Ambassador James A. Joseph is President Emeritus of the Council on Foundations where he served as Chief Executive Officer from 1982–1995. He is also Professor Emeritus of the Practice of Public Policy at the Sanford School of Public Policy at Duke University. Before joining the faculty of the Sanford School in 2000, he served in senior executive or advisory positions for four U.S. Presidents, including Under Secretary of the Interior for President Jimmy Carter and U.S. Ambassador to South Africa for President William Clinton. He was also the chair of the Corporation for National and Community Service, where he worked with the Congress and White House staff to establish AmeriCorps, and chair of the Louisiana Disaster Recovery Foundation established by Governor Blanco in the aftermath of Hurricane Katrina.

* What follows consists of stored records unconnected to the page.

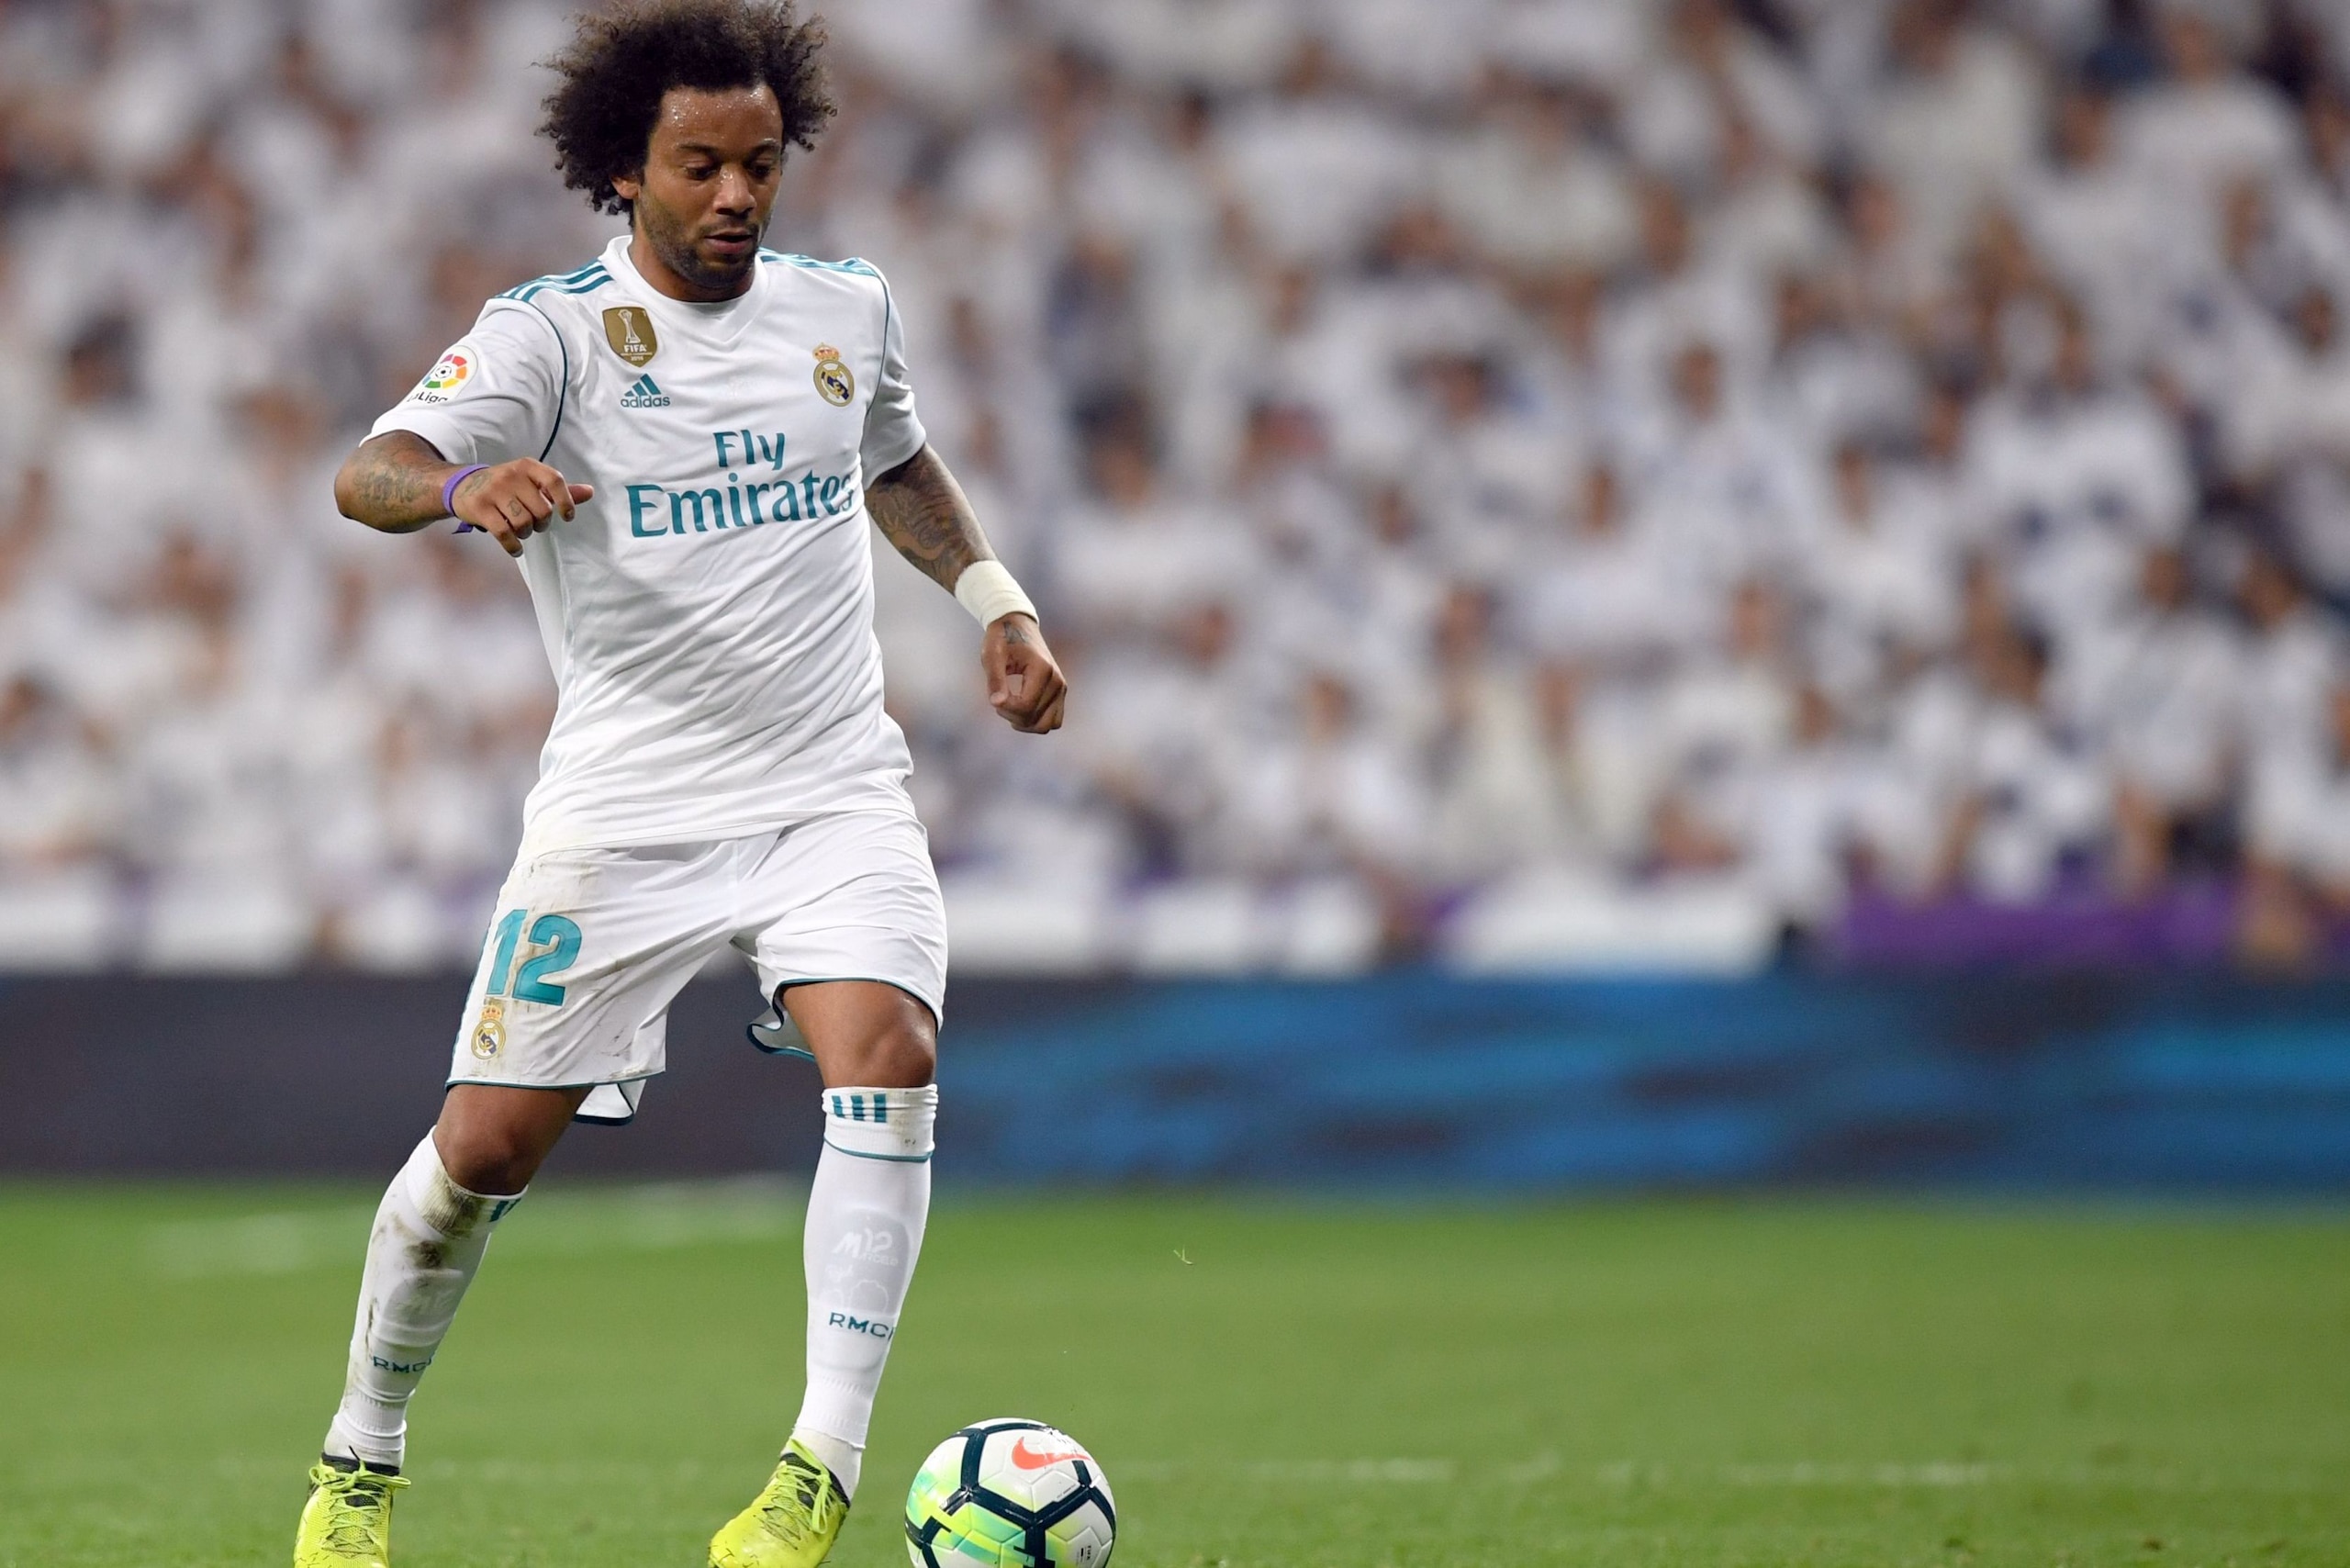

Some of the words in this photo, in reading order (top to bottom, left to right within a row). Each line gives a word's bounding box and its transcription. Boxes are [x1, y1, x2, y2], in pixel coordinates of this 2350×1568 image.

[623, 344, 647, 353] FIFA
[621, 396, 670, 408] adidas
[713, 430, 785, 470] Fly
[625, 469, 854, 538] Emirates
[486, 909, 583, 1006] 12
[829, 1312, 894, 1341] RMC
[374, 1356, 431, 1373] RMC

In 1999, the Republic of South Africa awarded Joseph the Order of Good Hope, the highest honor bestowed on a citizen of another country, and in 2008 he was inducted into the Louisiana Political Hall of Fame. At Duke, Ambassador Joseph was founding director of the United States – Southern Africa Center for Leadership and Public Values, a partnership between Duke and the University of Cape Town. From 19,71-1977 he was President of the Cummins Foundation and Vice President of Cummins Engine Company, the world’s largest producer of heavy duty diesel engines. An ordained minister, he has taught at Yale Divinity School and the Claremont Colleges where he was also university chaplain. In 1985, he was a Fellow at Nuffield College at Oxford University and now serves as an Honorary Professor and a member of the Board of Advisors of the Graduate School of Business at the University of Cape Town. He has nineteen honorary degrees.
A frequent speaker to academic, civic and religious audiences, he is the author of four books, most recently Saved for a Purpose: A Journey from Private Virtues to Public Values published in 2015 by the Duke University Press. His undergraduate alma mater, Southern University, has named an endowed chair in his honor and the Association of Black Foundation Executives established the annual James A. Joseph Lecture on Philanthropy.
In 1979, Joseph was named by Ebony magazine as “One of the 100 Most Influential Black Americans” and later by Fortune magazine as one of “America’s Best Nonprofit Managers.” In 2014, he received the Lux et Veritas award that honors a distinguished graduate of Yale Divinity School. He has served as chair of the Children’s Defense Fund and as a member of the board of directors of the Brookings Institution, the National Endowment for Democracy, the Colonial Williamsburg Foundation, Pitzer College and City Year South Africa. He is a former member of the board of advisors of the Bloomberg School of Public Health at Johns Hopkins University and the Andrew Young Leadership and Policy Center at Morehouse College. Ambassador Joseph is married to the former Mary Braxton, an Emmy Award winning television journalist. He has two children and two grandchildren.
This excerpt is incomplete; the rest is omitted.